• **TASK DESCRIPTION**:
Quote the data below in full, minus the images.

(Stored data entries)

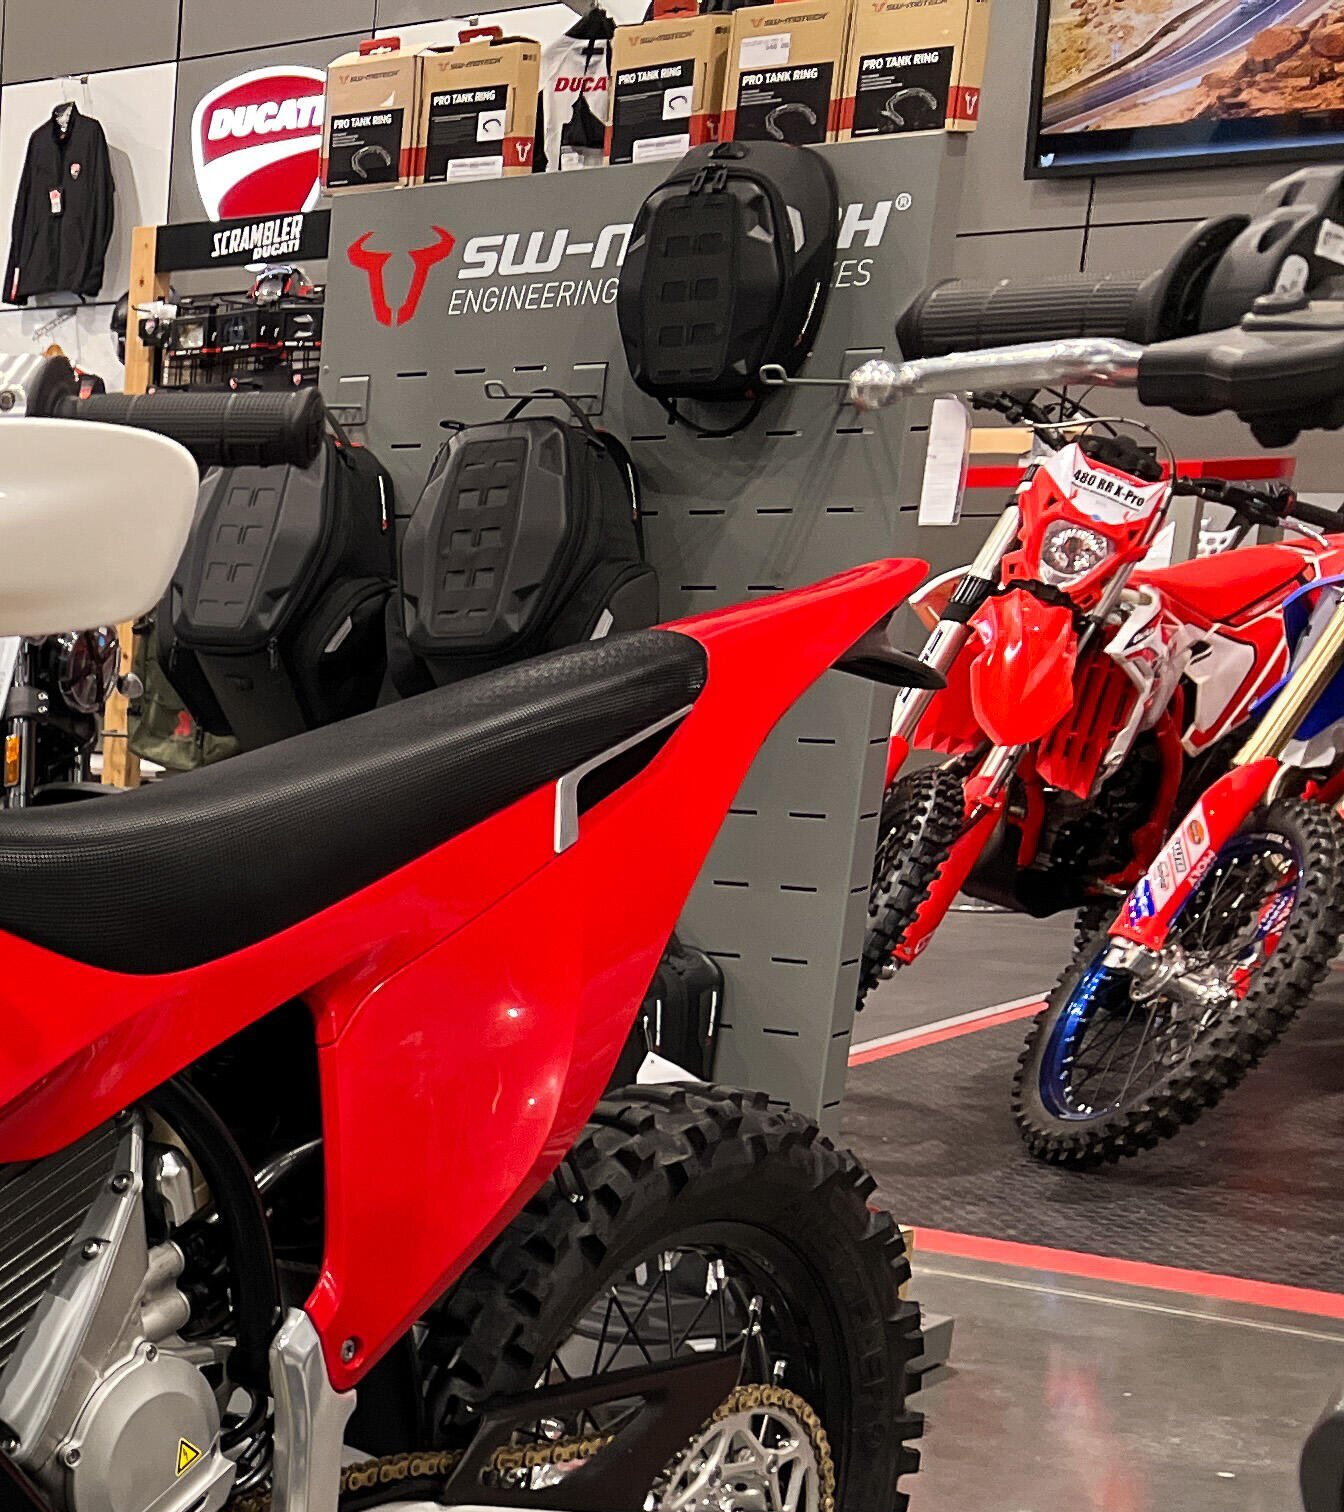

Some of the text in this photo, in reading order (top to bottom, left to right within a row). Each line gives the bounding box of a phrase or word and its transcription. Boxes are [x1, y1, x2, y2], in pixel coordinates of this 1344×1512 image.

[862, 52, 939, 71] PRO TANK RING
[618, 66, 682, 85] PRO TANK RING
[742, 68, 818, 87] PRO TANK RING
[433, 90, 496, 106] PRO TANK RING
[208, 94, 325, 140] DUCATI
[334, 113, 392, 130] PRO TANK RING
[211, 215, 303, 258] SCRAMBLER
[253, 239, 300, 260] DUCATI
[448, 278, 620, 316] ENGINEERING
[1073, 469, 1145, 507] 480 RR X-Pro
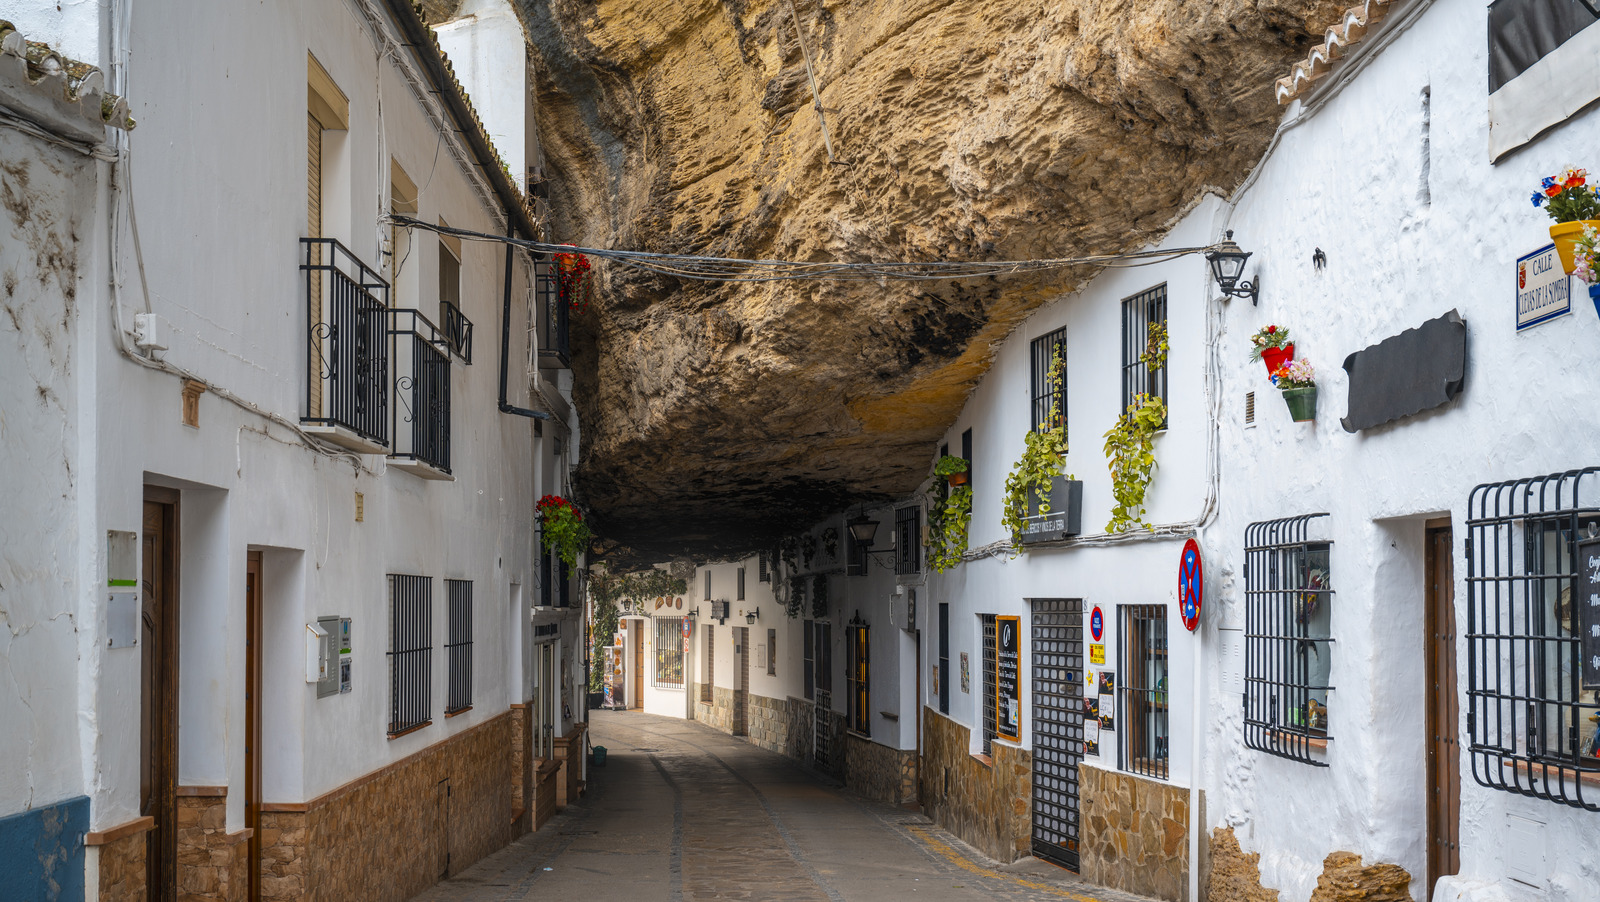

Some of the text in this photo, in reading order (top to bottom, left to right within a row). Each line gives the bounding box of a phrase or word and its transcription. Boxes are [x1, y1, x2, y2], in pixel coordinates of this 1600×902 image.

• **RESULT**:
Some of the text in this photo, in reading order (top to bottom, left to right within a row). Each line gives the bounding box of a phrase or word and its transcription. Boxes are [x1, y1, x2, y2], in pixel coordinates of this 1344×1512 image.

[862, 52, 939, 71] PRO TANK RING
[618, 66, 682, 85] PRO TANK RING
[742, 68, 818, 87] PRO TANK RING
[433, 90, 496, 106] PRO TANK RING
[208, 94, 325, 140] DUCATI
[334, 113, 392, 130] PRO TANK RING
[211, 215, 303, 258] SCRAMBLER
[253, 239, 300, 260] DUCATI
[448, 278, 620, 316] ENGINEERING
[1073, 469, 1145, 507] 480 RR X-Pro

Some of the text in this photo, in reading order (top to bottom, left to right within a row). Each line gives the bounding box of a phrase or word and its transcription. Boxes are [x1, y1, x2, y2], in pixel coordinates of this 1600×902 image.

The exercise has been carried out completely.